=== DIRECTIONS FOR THIS TASK ===
Print out the entries exactly, and include each one.

=== RECORD SET ===
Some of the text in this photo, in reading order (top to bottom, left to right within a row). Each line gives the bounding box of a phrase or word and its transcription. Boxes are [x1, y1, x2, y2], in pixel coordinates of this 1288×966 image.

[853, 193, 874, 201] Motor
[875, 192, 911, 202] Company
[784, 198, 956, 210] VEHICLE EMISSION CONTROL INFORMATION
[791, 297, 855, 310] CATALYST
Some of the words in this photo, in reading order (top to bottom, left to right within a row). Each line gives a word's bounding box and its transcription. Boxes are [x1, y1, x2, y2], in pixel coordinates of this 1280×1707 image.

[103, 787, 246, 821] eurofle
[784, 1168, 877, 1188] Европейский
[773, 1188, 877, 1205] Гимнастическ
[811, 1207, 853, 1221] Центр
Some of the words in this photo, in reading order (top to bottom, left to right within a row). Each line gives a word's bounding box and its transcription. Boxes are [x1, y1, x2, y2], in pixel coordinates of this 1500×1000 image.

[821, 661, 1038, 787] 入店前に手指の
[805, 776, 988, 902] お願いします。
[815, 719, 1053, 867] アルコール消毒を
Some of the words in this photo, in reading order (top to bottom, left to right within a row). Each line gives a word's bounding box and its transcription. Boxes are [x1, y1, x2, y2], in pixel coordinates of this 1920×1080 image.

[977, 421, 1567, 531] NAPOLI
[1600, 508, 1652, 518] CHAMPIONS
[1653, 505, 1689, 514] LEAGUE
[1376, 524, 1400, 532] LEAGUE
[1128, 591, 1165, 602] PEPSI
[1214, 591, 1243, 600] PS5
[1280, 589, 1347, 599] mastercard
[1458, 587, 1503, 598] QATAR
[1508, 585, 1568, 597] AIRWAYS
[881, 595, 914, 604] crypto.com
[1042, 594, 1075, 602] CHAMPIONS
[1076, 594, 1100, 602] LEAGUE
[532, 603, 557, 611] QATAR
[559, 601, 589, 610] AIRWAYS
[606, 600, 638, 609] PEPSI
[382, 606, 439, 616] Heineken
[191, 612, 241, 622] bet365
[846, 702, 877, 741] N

=== EXERCISE OUTPUT ===
Some of the text in this photo, in reading order (top to bottom, left to right within a row). Each line gives the bounding box of a phrase or word and its transcription. Boxes are [x1, y1, x2, y2], in pixel coordinates of this 1288×966 image.

[853, 193, 874, 201] Motor
[875, 192, 911, 202] Company
[784, 198, 956, 210] VEHICLE EMISSION CONTROL INFORMATION
[791, 297, 855, 310] CATALYST
Some of the words in this photo, in reading order (top to bottom, left to right within a row). Each line gives a word's bounding box and its transcription. Boxes are [x1, y1, x2, y2], in pixel coordinates of this 1280×1707 image.

[103, 787, 246, 821] eurofle
[784, 1168, 877, 1188] Европейский
[773, 1188, 877, 1205] Гимнастическ
[811, 1207, 853, 1221] Центр
Some of the words in this photo, in reading order (top to bottom, left to right within a row). Each line gives a word's bounding box and its transcription. Boxes are [x1, y1, x2, y2], in pixel coordinates of this 1500×1000 image.

[821, 661, 1038, 787] 入店前に手指の
[805, 776, 988, 902] お願いします。
[815, 719, 1053, 867] アルコール消毒を
Some of the words in this photo, in reading order (top to bottom, left to right within a row). Each line gives a word's bounding box and its transcription. Boxes are [x1, y1, x2, y2], in pixel coordinates of this 1920×1080 image.

[977, 421, 1567, 531] NAPOLI
[1600, 508, 1652, 518] CHAMPIONS
[1653, 505, 1689, 514] LEAGUE
[1376, 524, 1400, 532] LEAGUE
[1128, 591, 1165, 602] PEPSI
[1214, 591, 1243, 600] PS5
[1280, 589, 1347, 599] mastercard
[1458, 587, 1503, 598] QATAR
[1508, 585, 1568, 597] AIRWAYS
[881, 595, 914, 604] crypto.com
[1042, 594, 1075, 602] CHAMPIONS
[1076, 594, 1100, 602] LEAGUE
[532, 603, 557, 611] QATAR
[559, 601, 589, 610] AIRWAYS
[606, 600, 638, 609] PEPSI
[382, 606, 439, 616] Heineken
[191, 612, 241, 622] bet365
[846, 702, 877, 741] N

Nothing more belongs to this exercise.